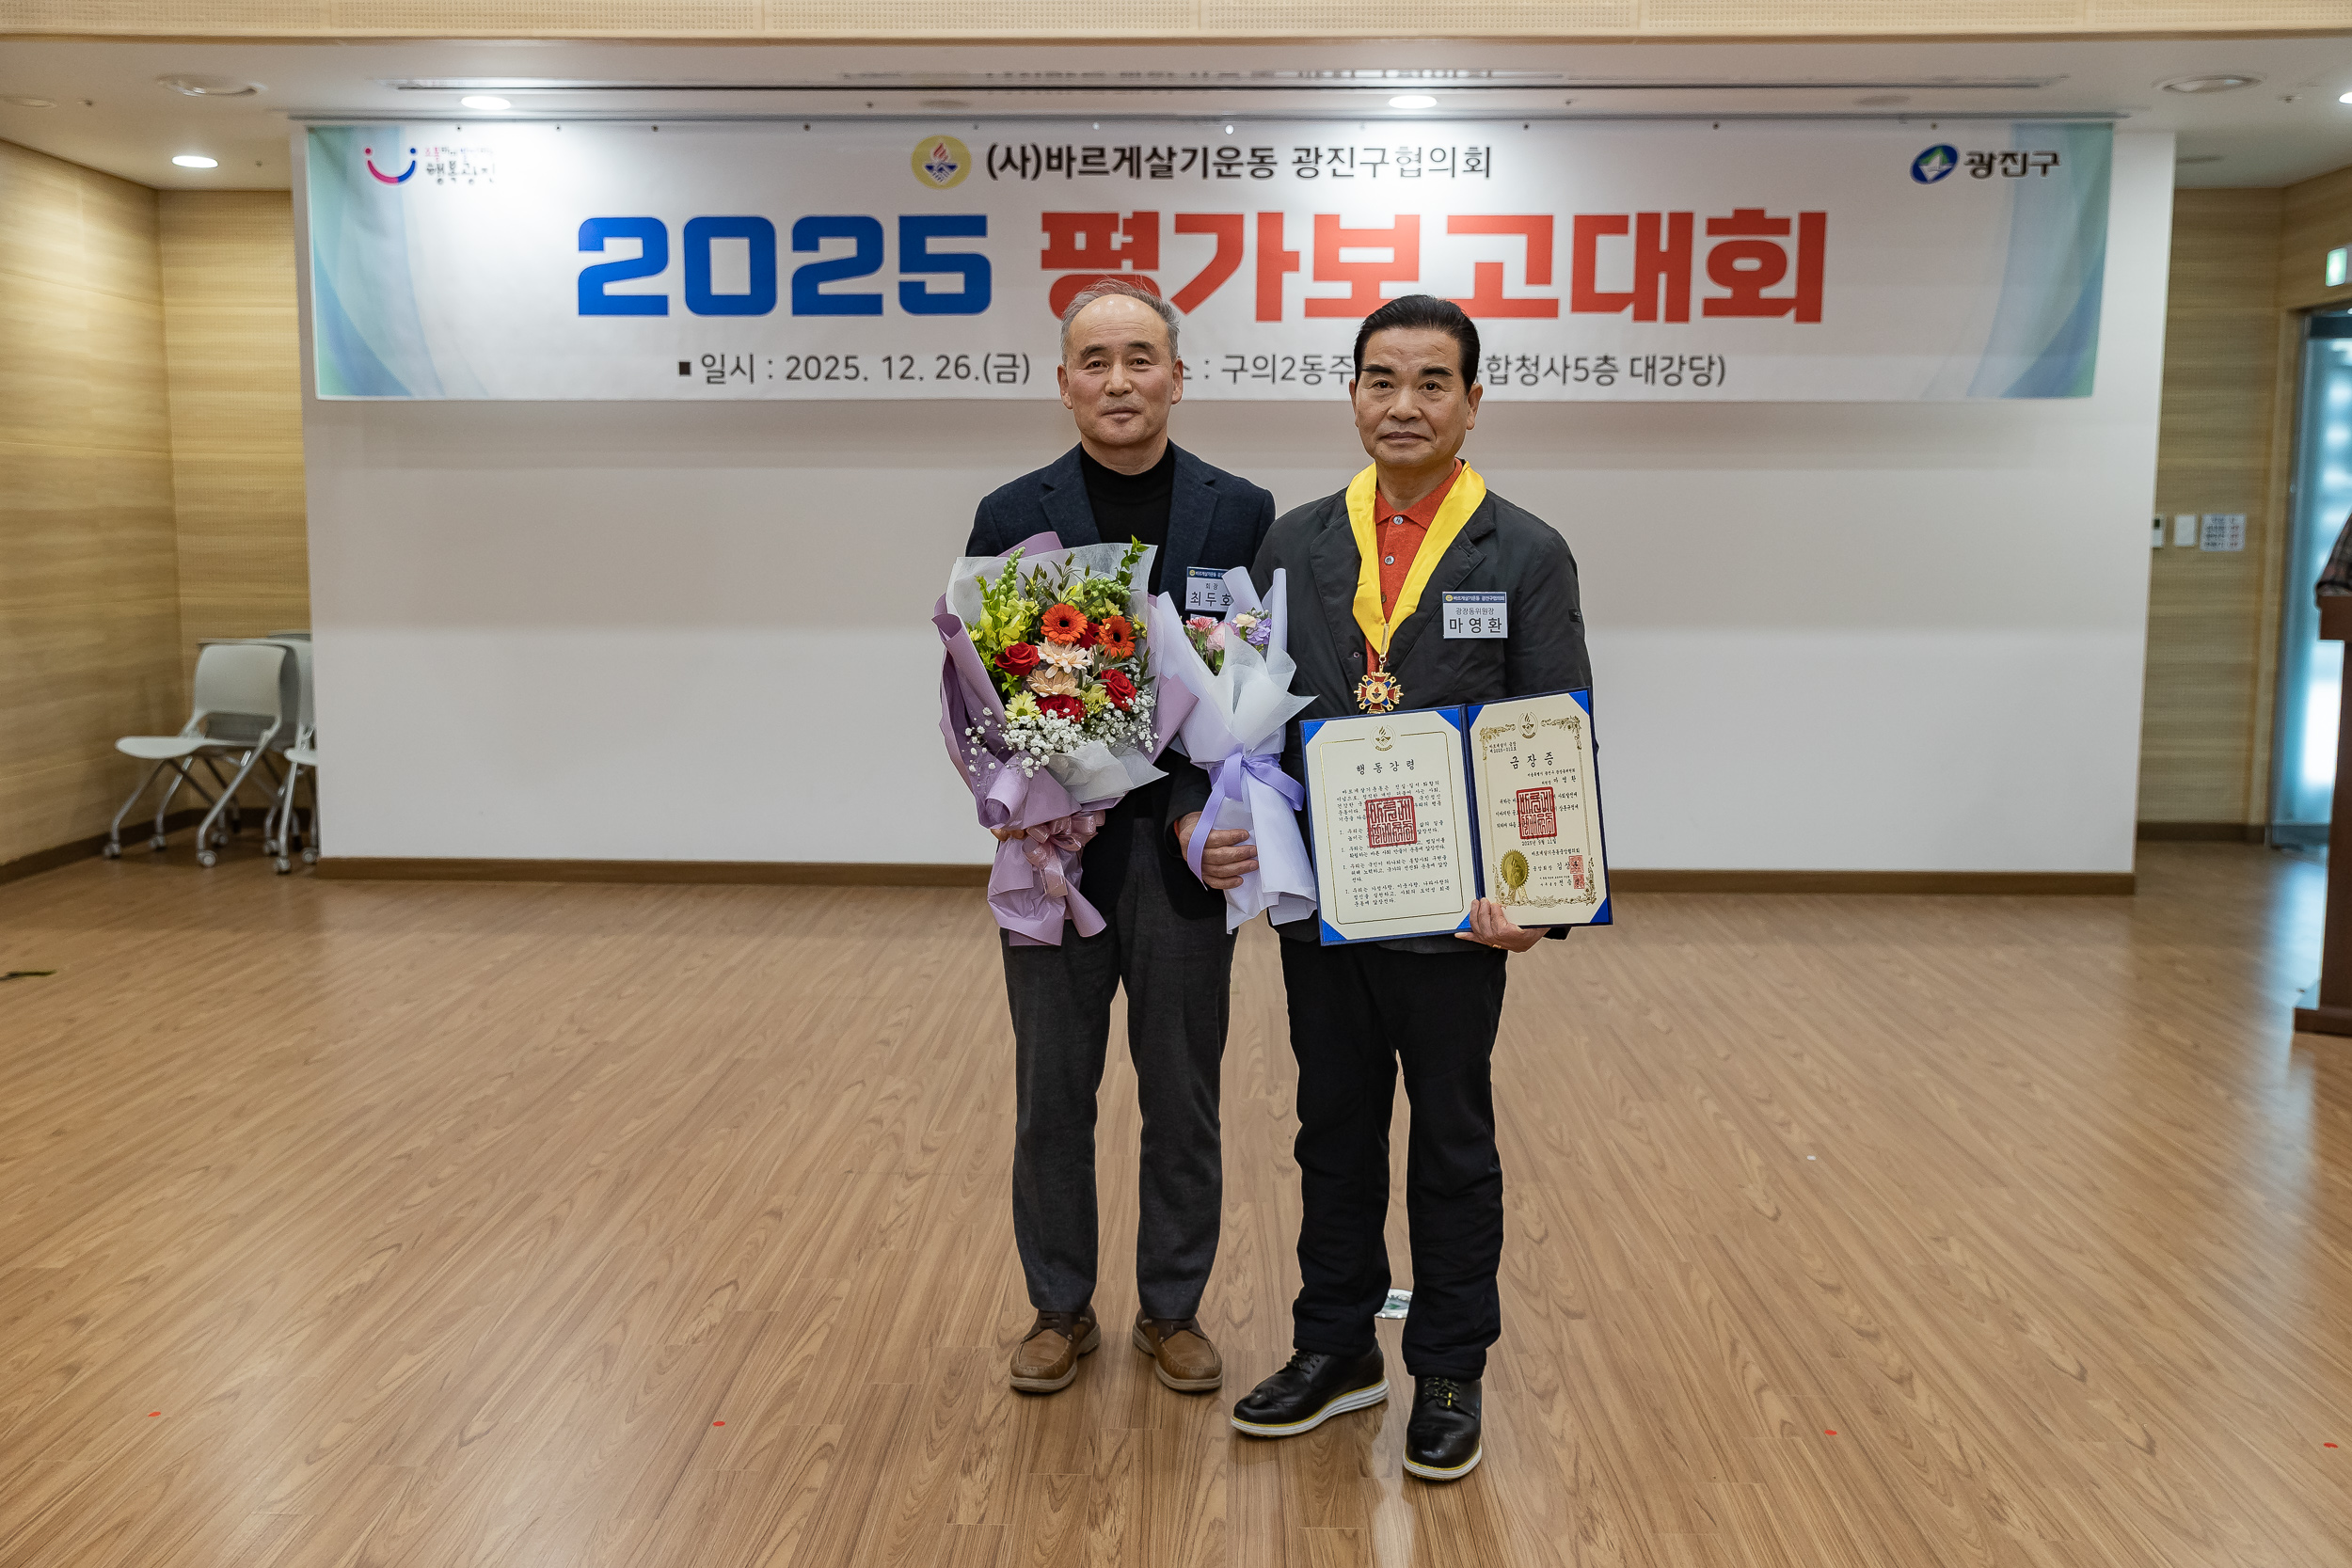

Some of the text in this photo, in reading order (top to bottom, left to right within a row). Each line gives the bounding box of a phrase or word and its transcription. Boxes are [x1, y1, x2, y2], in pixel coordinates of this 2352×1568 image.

[986, 143, 1493, 181] (사)바르게살기운동 광진구협의회
[1963, 150, 2062, 180] 광진구
[578, 207, 1827, 324] 2025 평가보고대회
[700, 353, 755, 384] 일시
[785, 356, 869, 383] 2025.
[881, 356, 924, 382] 12.
[935, 353, 1030, 386] 26.(금)
[1477, 354, 1619, 388] 합청사5층
[1630, 354, 1726, 388] 대강당)
——
:: TASK DETAILS ::
The entries above should be given again exactly, minus any pictures.

:: SOLUTION ::
Some of the text in this photo, in reading order (top to bottom, left to right within a row). Each line gives the bounding box of a phrase or word and its transcription. Boxes are [x1, y1, x2, y2], in pixel coordinates of this 2352×1568 image.

[986, 143, 1493, 181] (사)바르게살기운동 광진구협의회
[1963, 150, 2062, 180] 광진구
[578, 207, 1827, 324] 2025 평가보고대회
[700, 353, 755, 384] 일시
[785, 356, 869, 383] 2025.
[881, 356, 924, 382] 12.
[935, 353, 1030, 386] 26.(금)
[1477, 354, 1619, 388] 합청사5층
[1630, 354, 1726, 388] 대강당)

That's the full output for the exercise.